Open OnDemand Service Interruption

Notice Resolved View vendor source →

HUIT experienced a notice incident on April 16, 2025 affecting Other Services, lasting 16h 33m. The incident has been resolved; the full update timeline is below.

Started
Apr 16, 2025, 09:12 PM UTC
Resolved
Apr 17, 2025, 01:46 PM UTC
Duration
16h 33m
Detected by Pingoru
Apr 16, 2025, 09:12 PM UTC

Affected components

Other Services

Update timeline

  1. investigating Apr 16, 2025, 09:12 PM UTC

    When logging into https://ood.huit.harvard.edu, users are able to load the Open OnDemand dashboard, but interactive apps will not start properly. The terminal app may load, but the Slurm scheduler is unstable, and compute jobs may or may not run. User data is unaffected, and can still be downloaded through the Open OnDemand dashboard. FAS Academic Technology is troubleshooting this issue and working to restore this service.

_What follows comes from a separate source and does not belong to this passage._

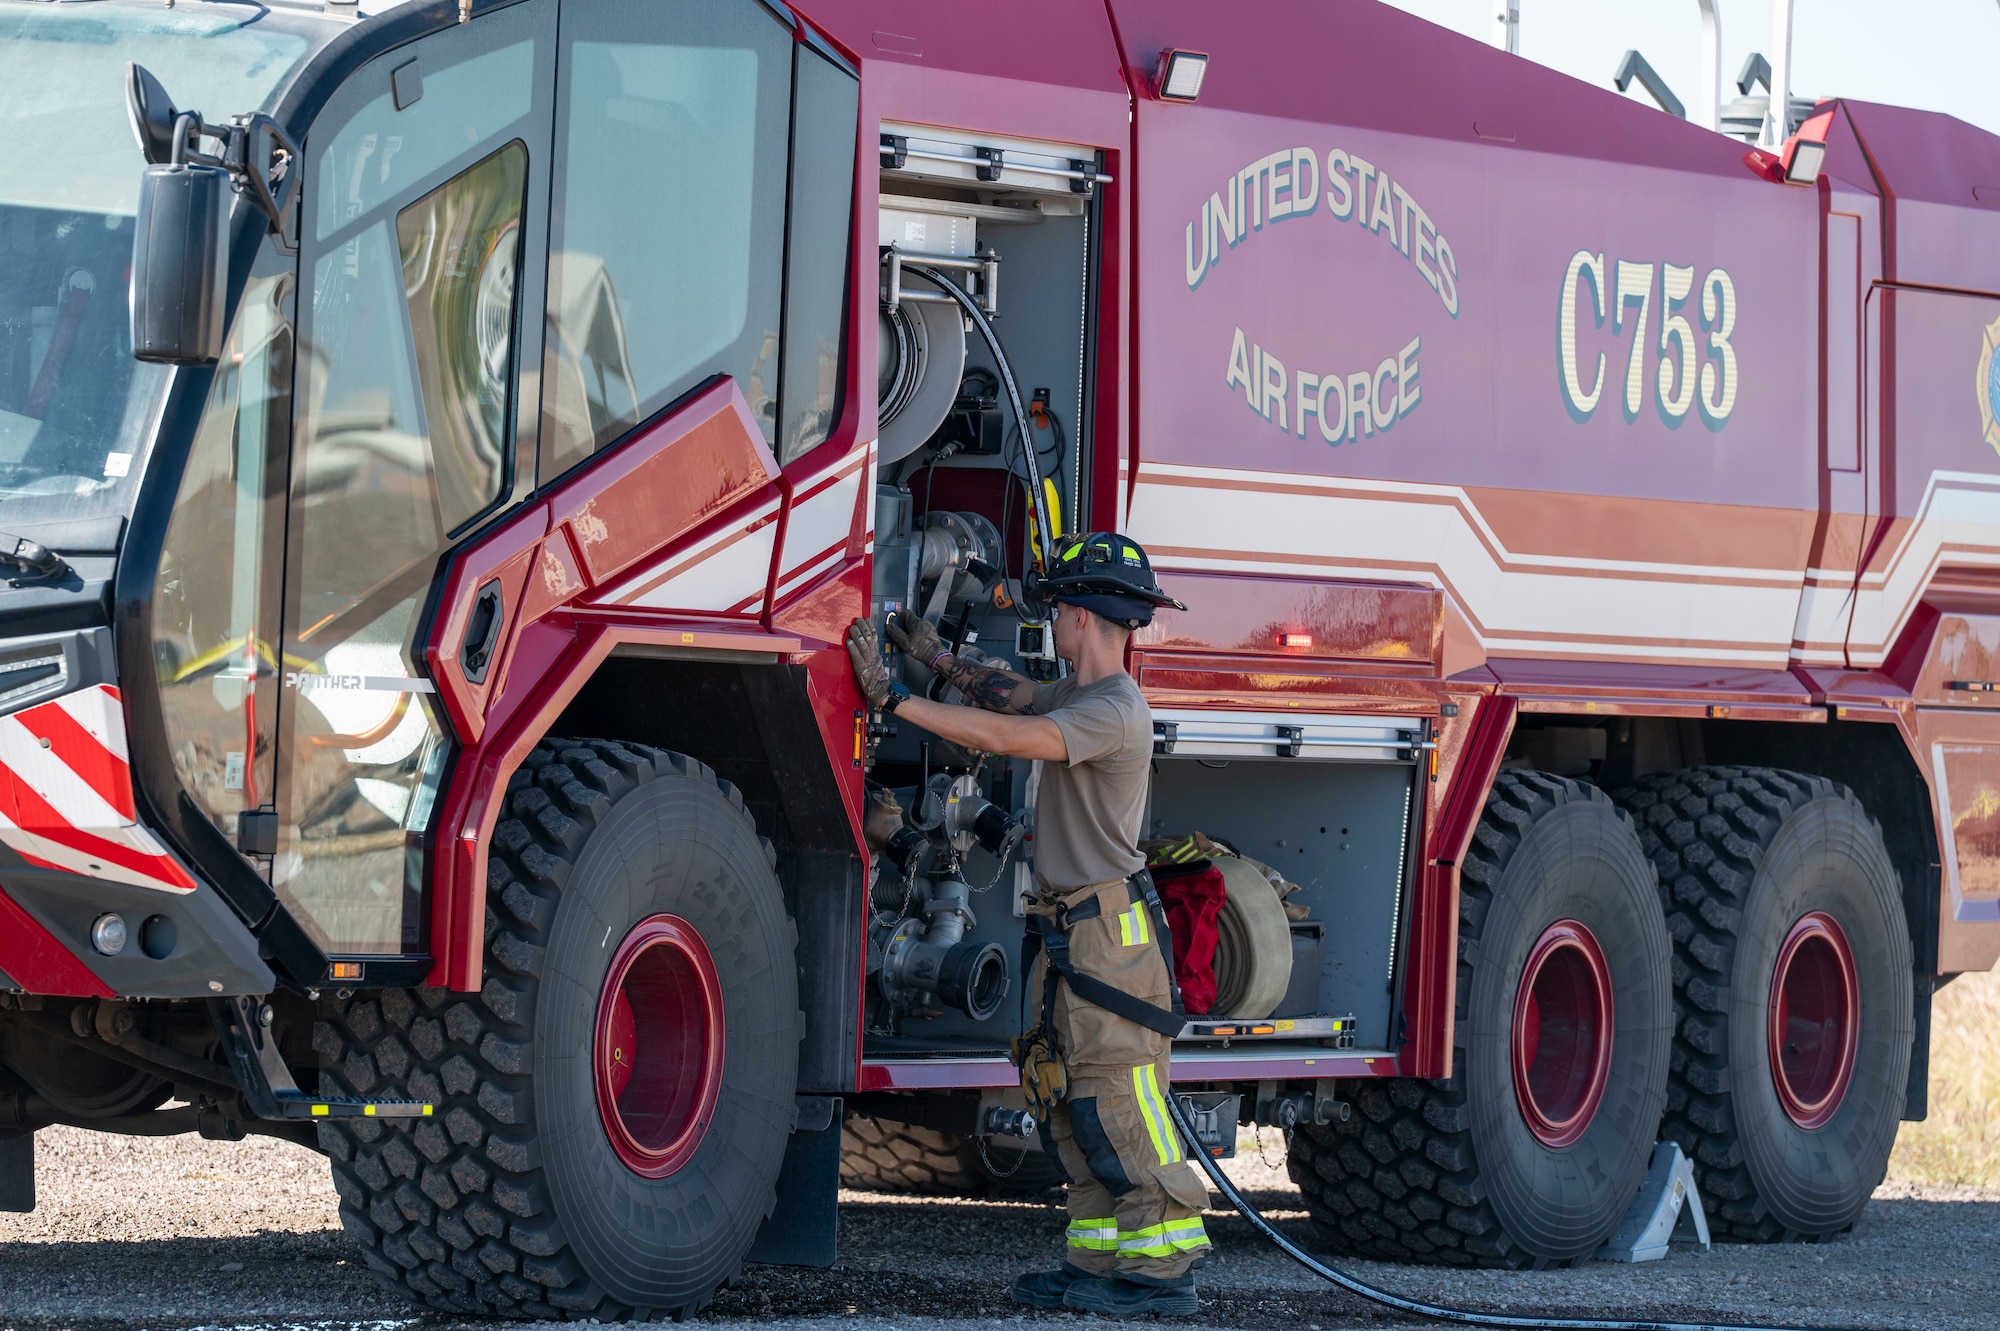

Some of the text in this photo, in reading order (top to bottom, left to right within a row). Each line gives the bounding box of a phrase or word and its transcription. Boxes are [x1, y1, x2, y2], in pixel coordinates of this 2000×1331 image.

  2. identified Apr 16, 2025, 10:45 PM UTC

    The service team believes they've identified a path forward. They continue working to investigate and remediate the root cause.

  3. monitoring Apr 16, 2025, 11:44 PM UTC

    Restarting the slurm controller node and altering its configuration has enabled launching interactive apps in HUIT Open OnDemand once again. HUIT will continue to monitor the service to ensure stability before resolving the Major Incident.

  4. resolved Apr 17, 2025, 01:46 PM UTC

    The outage affecting HUIT Open On Demand has been resolved, and users are able to login and access resources. We'll continue to closely monitor to ensure service stability.